As I read the story I thought about my friend Kyle Belleque, of Dillingham. Kyle runs traditional working dogs similar to my own, and in fact some of my best dogs have come from his Nushagak Kennel. Among the many subsistence related jobs his dogs perform is hauling the firewood needed to heat his home. At one time Kyle was considering a commercial wood-rat operation, using his team to transport the wood he harvests to paying customers. Although he moved on to other things, including organic farming and commercial set-net salmon fishing, I can’t help but wonder if this might not yet be a viable plan.
Sometimes seemingly unrelated events half a world away have significant impact close to home. I’m thinking of Lance Armstrong’s anti-doping case, in which Mr. Armstrong capitulated, essentially pleading guilty to charges of using performance enhancing drugs throughout his bicycle racing career. The notoriety of the case has apparently prompted the attention of dog mushers interested in participating in the International Federation of Sleddog Sports (IFSS) 2013 World Championship, hosted by the North Pole Economic Development Council (sort of).
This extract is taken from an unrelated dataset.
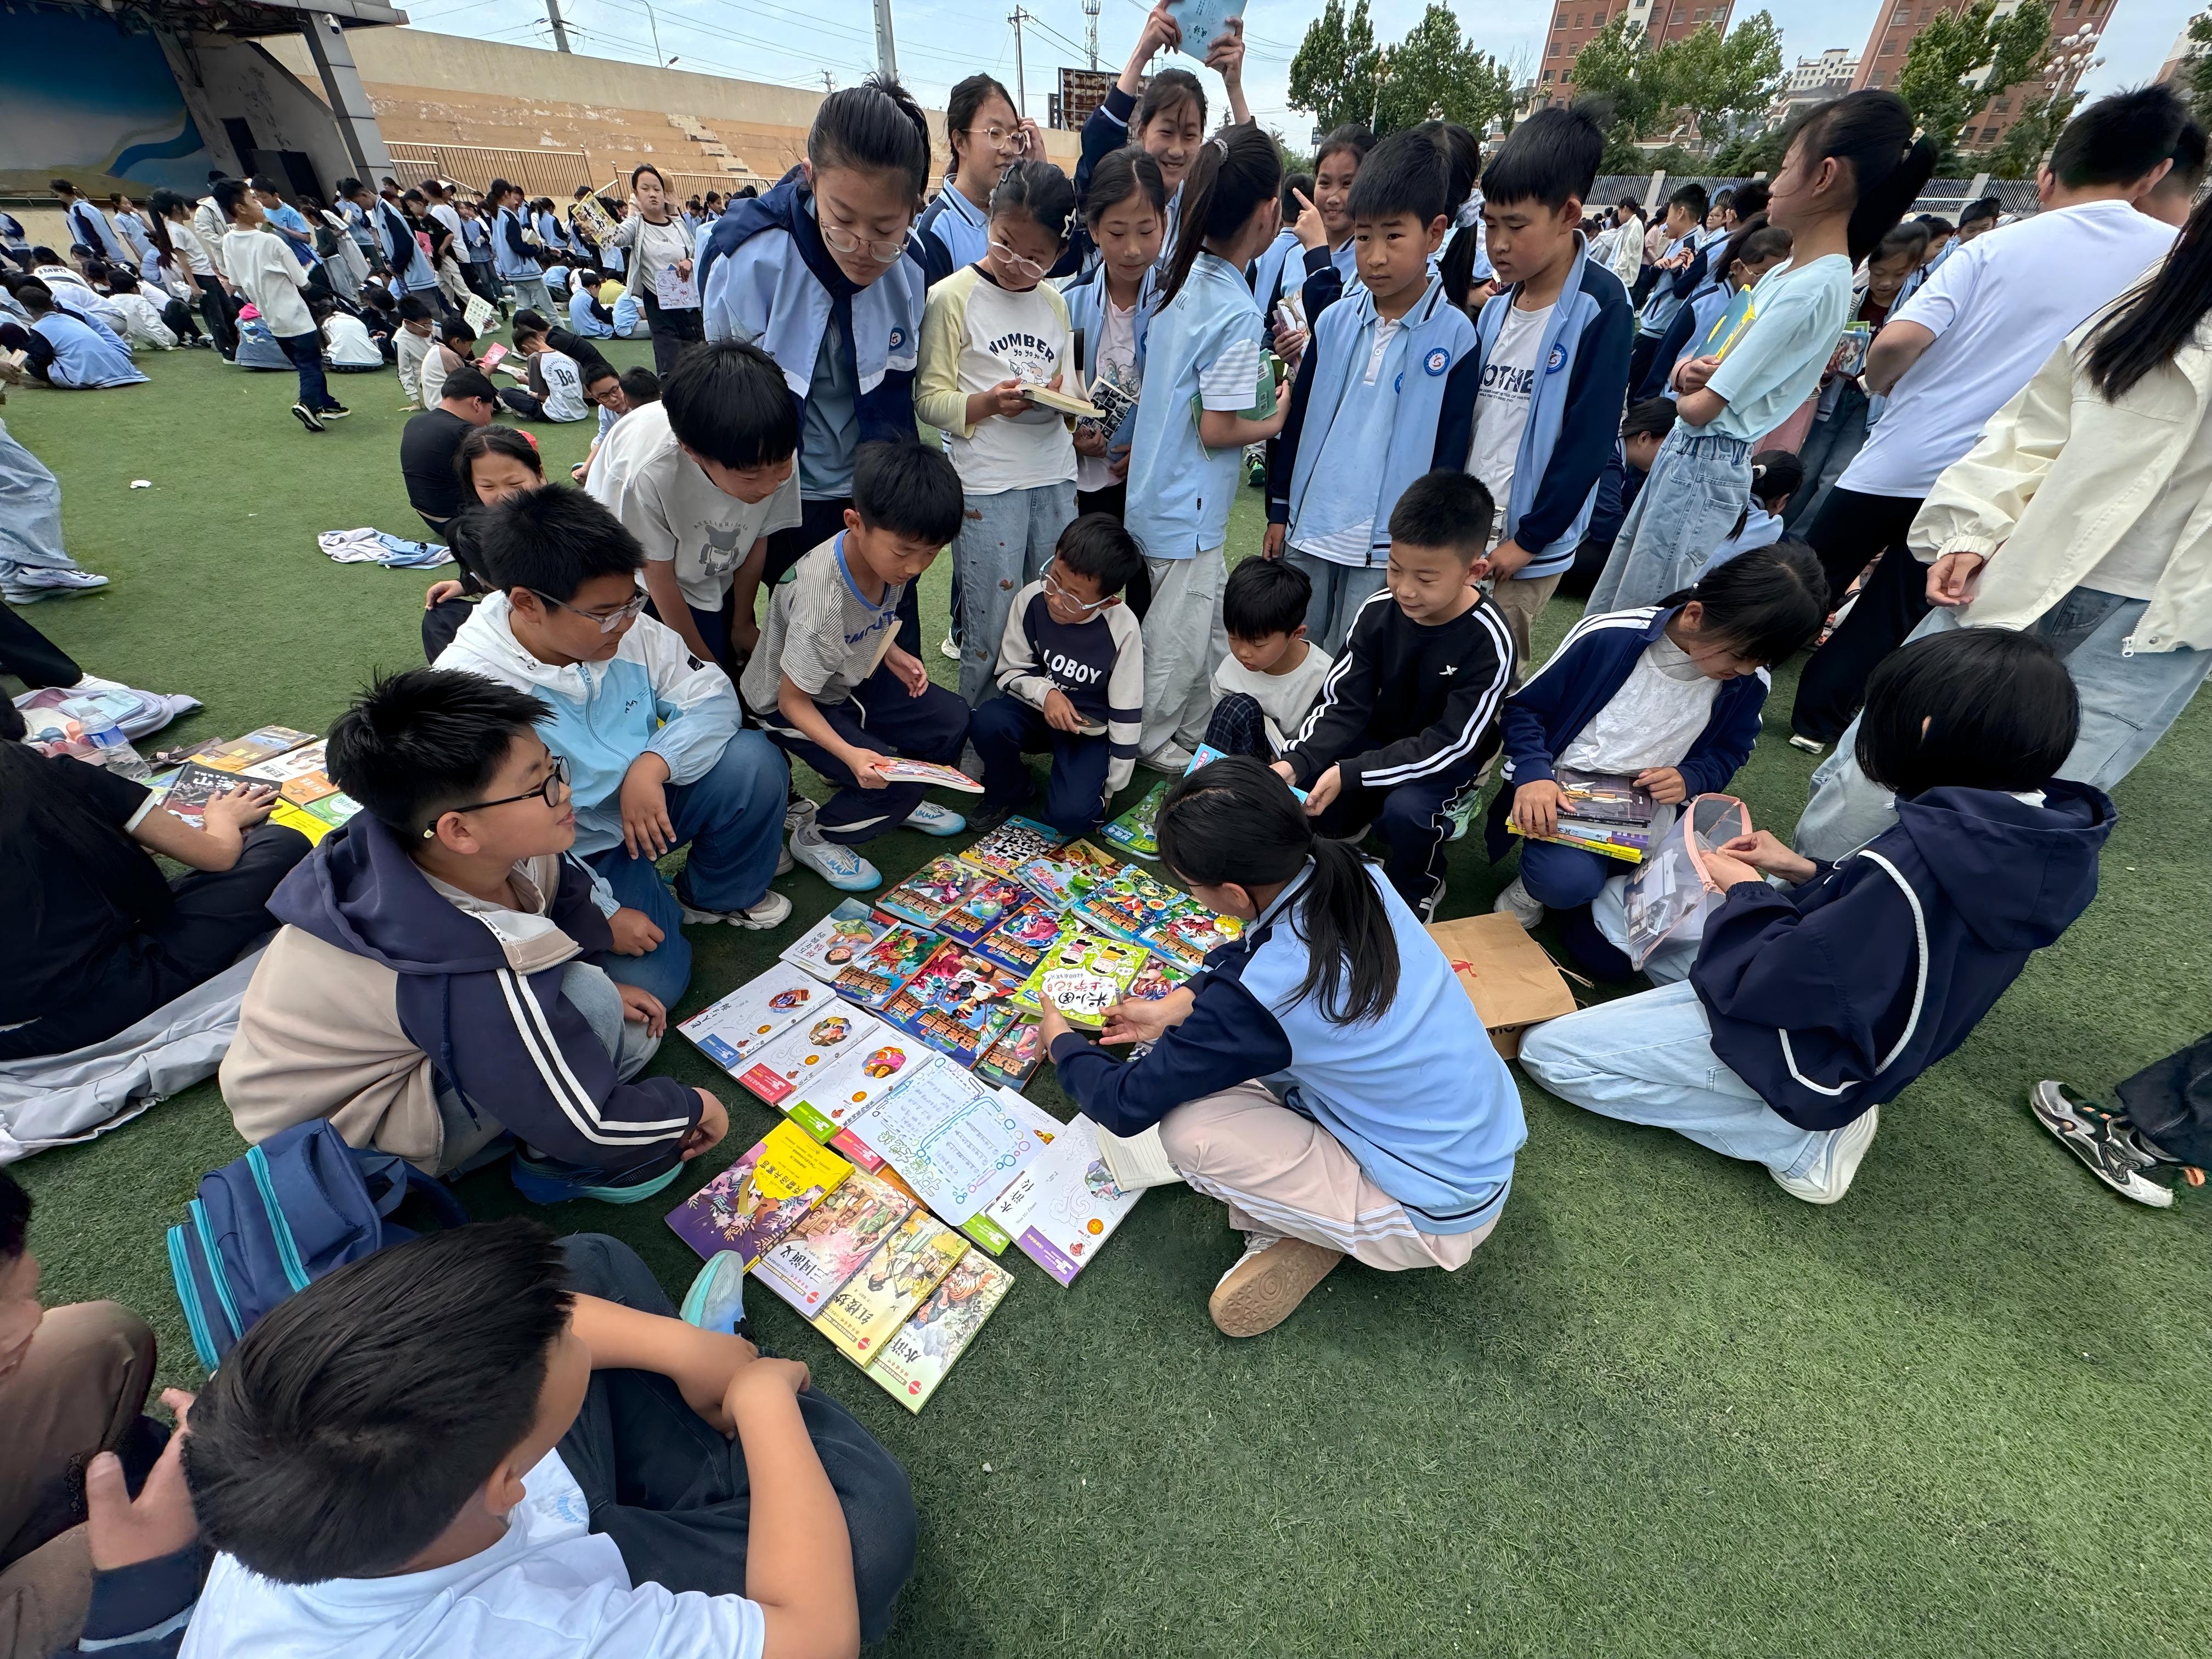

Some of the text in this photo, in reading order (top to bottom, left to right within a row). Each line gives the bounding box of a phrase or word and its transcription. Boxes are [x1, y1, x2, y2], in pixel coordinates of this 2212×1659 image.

With lofty visions of dog mushing becoming an Olympic sport, IFSS requires mushers in their events to adhere to the World Anti-Doping Agency (WADA) code. Although procedures and banned substances for humans had drawn little more than grumbles from aging mushers who may be required to provide medical records in support of Therapeutic Use Exemptions (TUEs), the banned substance list for dogs has many of us in an uproar.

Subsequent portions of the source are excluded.